What are the New GDPR Regulations?

There are multiple changes as to how a business can use personal data from now on. Three major changes that are most likely to affect New Zealand businesses are:
The customer now has to take clear, affirmation action to give consent for the use of their personal information. Inactivity does not constitute as consent.
The business must give a clear, specific explanation to the individual of what data will be collected and what it will be used for.
The data can only be collected for a specified, explicit and legitimate purpose and may not be used for any alternative purposes.

What Action Should You Take as a Business Owner?

Review these processes below to ensure they comply with GDPR requirements.

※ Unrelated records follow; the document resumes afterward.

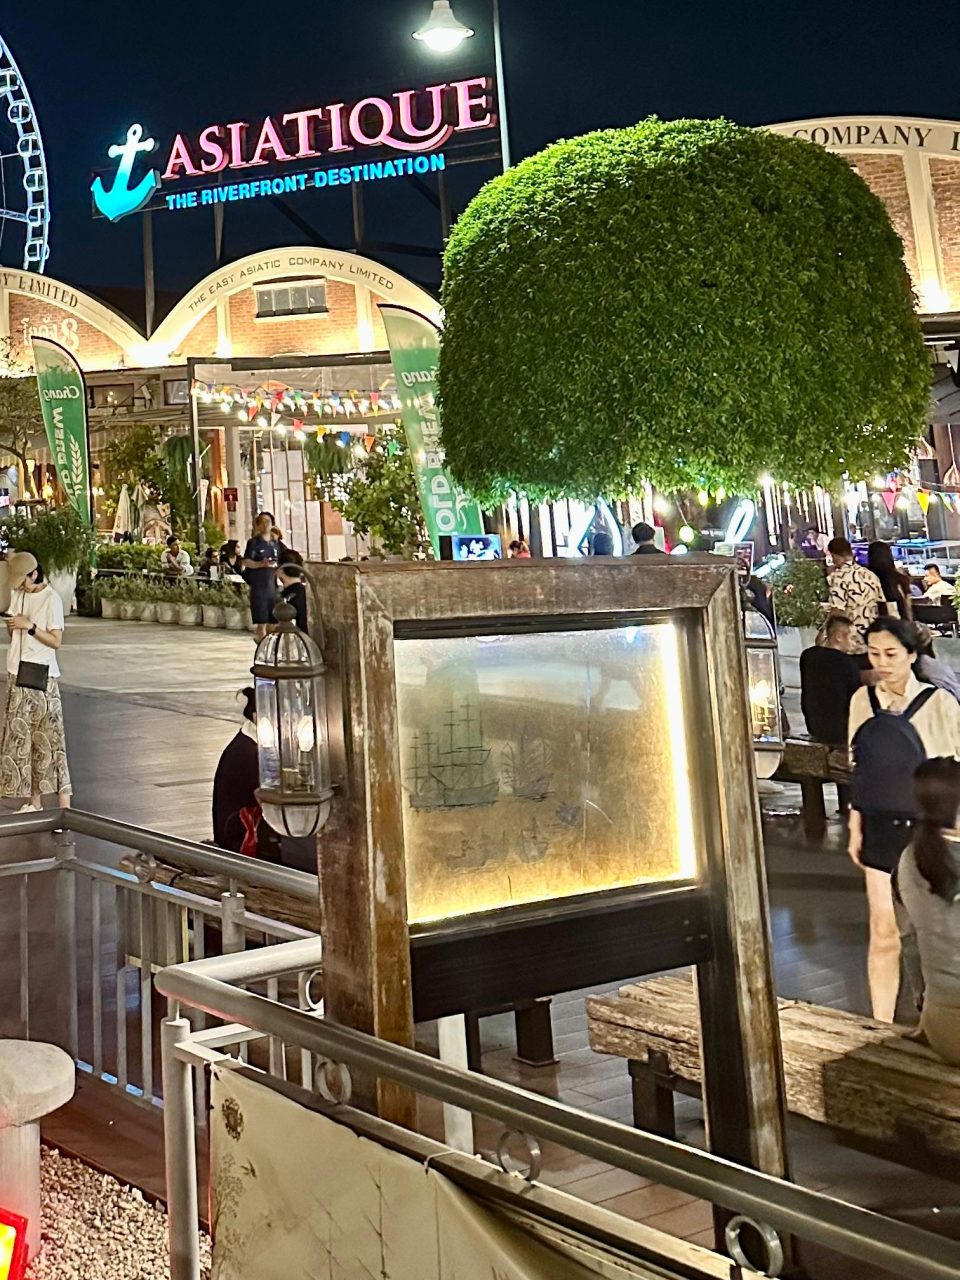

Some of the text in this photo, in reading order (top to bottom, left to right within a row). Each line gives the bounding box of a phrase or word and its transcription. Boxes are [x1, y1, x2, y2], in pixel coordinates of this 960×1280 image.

[162, 77, 495, 179] ASIATIQUE
[166, 153, 446, 210] THE RIVERFRONT DESTINATION
[19, 277, 79, 309] LIMITED
[188, 257, 395, 312] THE EAST ASIATIC COMPANY LIMITED
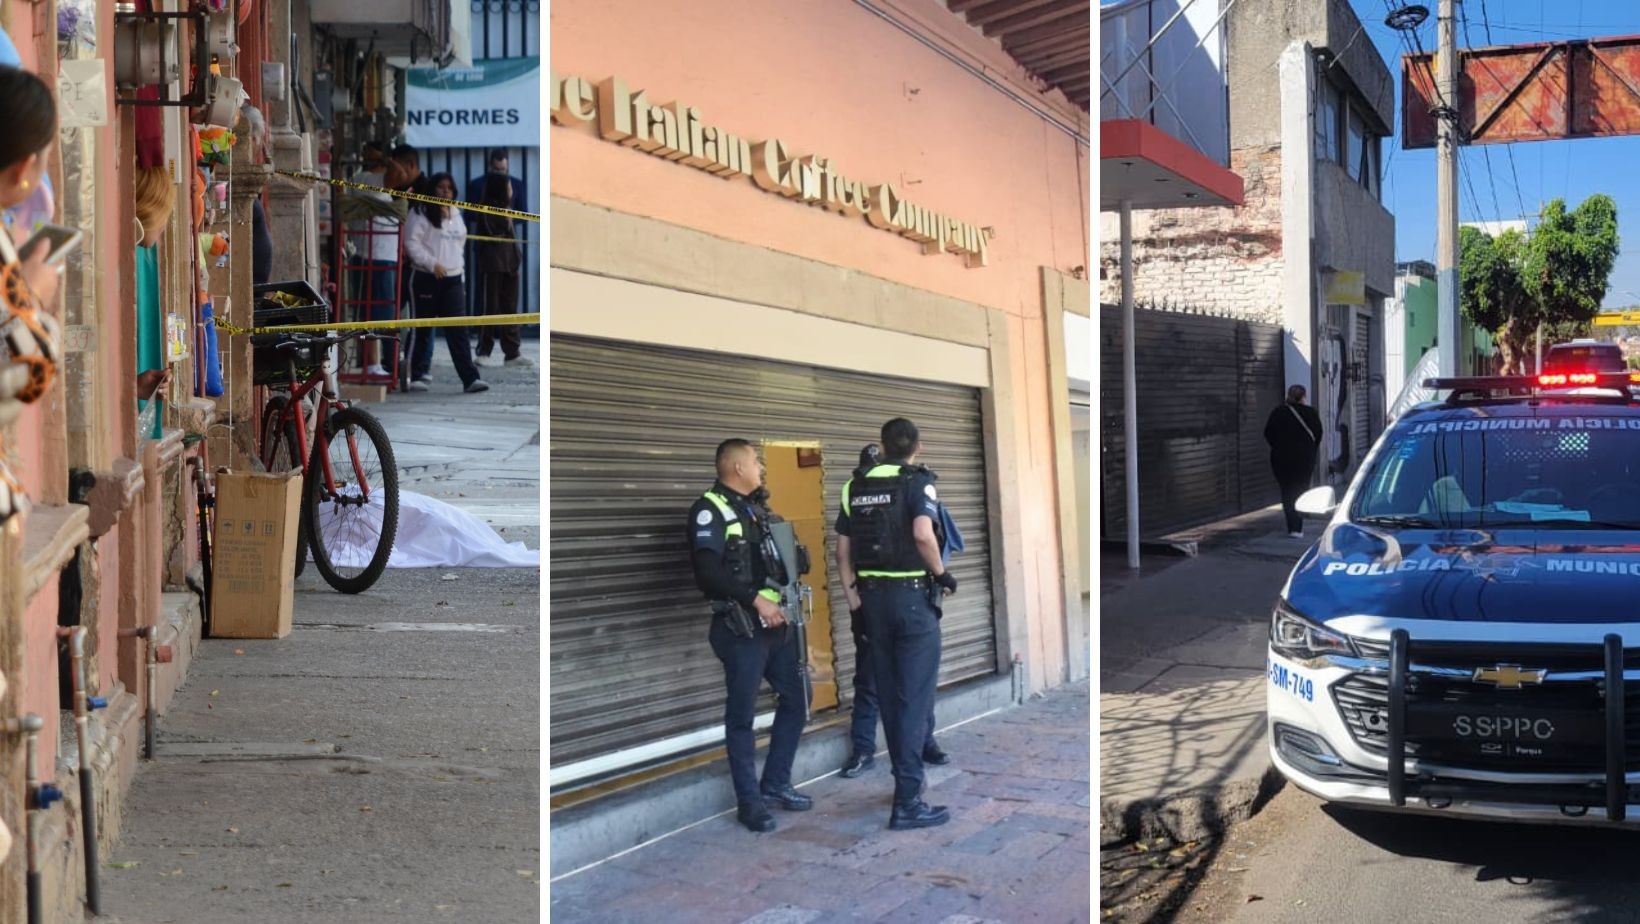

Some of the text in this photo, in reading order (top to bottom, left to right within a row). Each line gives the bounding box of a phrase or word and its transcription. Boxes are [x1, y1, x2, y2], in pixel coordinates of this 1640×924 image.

1. Update Sign Up or Subscriber Forms

Review consent with existing subscribers, and if it contained a pre-ticked box or any other form of non-action gaining of consent, run a “re-permission” email campaign to gain consent that complies with GDPR legislation.
Review your subscription forms for new subscribers and ensure they have to actively consent to the use of their personal information, such as an ‘opt-in’ box.
Ensure you have an easy “opt-out” option for users to withdraw their consent later on.

2. Update your Privacy Policy

Ensure you are transparent and clearly state what personal data you will be collecting and what purpose you will be using it for.
Explicitly state any third-parties that you will share user’s personal data with, such as analytics and payment processes.
Ensure the policy is written in simple language that is easy to understand to the user.
Explain the subscriber’s right to, at any time, submit a ‘User Access Request'. This means providing the user, free of charge, the following information: what personal information is being processed, why this information is being processed, who has access to it and how this information is being used.

3. Notify Existing Customers

Once you have updated your Privacy Policy, make sure you notify existing customers. See Creative Market’s email as an example:

How Will GDPR Affect Your Social Media Marketing Strategy

The posting of content and engaging fans will not be affected majorly by the new regulations, because it does not usually collect personal data from users who view or engage with it. However, there are still two things you should avoid doing:

  • Exporting or saving the contact details of your followers
    If you are sending traffic from your social media account to your website and using Google Analytics to analyse this, you will need consent to track visitor behaviour
  • Social advertising (or paid social media marketing) is a different story.

If you are running social media ads, and wish to use your customers’ data or track their behaviour, you must gain their legal consent to do so. This means having clear ‘opt-in’ option, which the customer must actively consent to. While most of this will be covered in the terms and conditions and privacy notices of the majority of social media platforms, it would be wise to check this and ensure you are gaining consent through their policies.

If you are using lead form ads, such as on Facebook, you will need to state what you are using the data for, how it will be processed and gain explicit consent again from the user. Facebook now allows you to add a custom disclaimer to your page, which you can use to include all the additional necessary information to comply with GDPR.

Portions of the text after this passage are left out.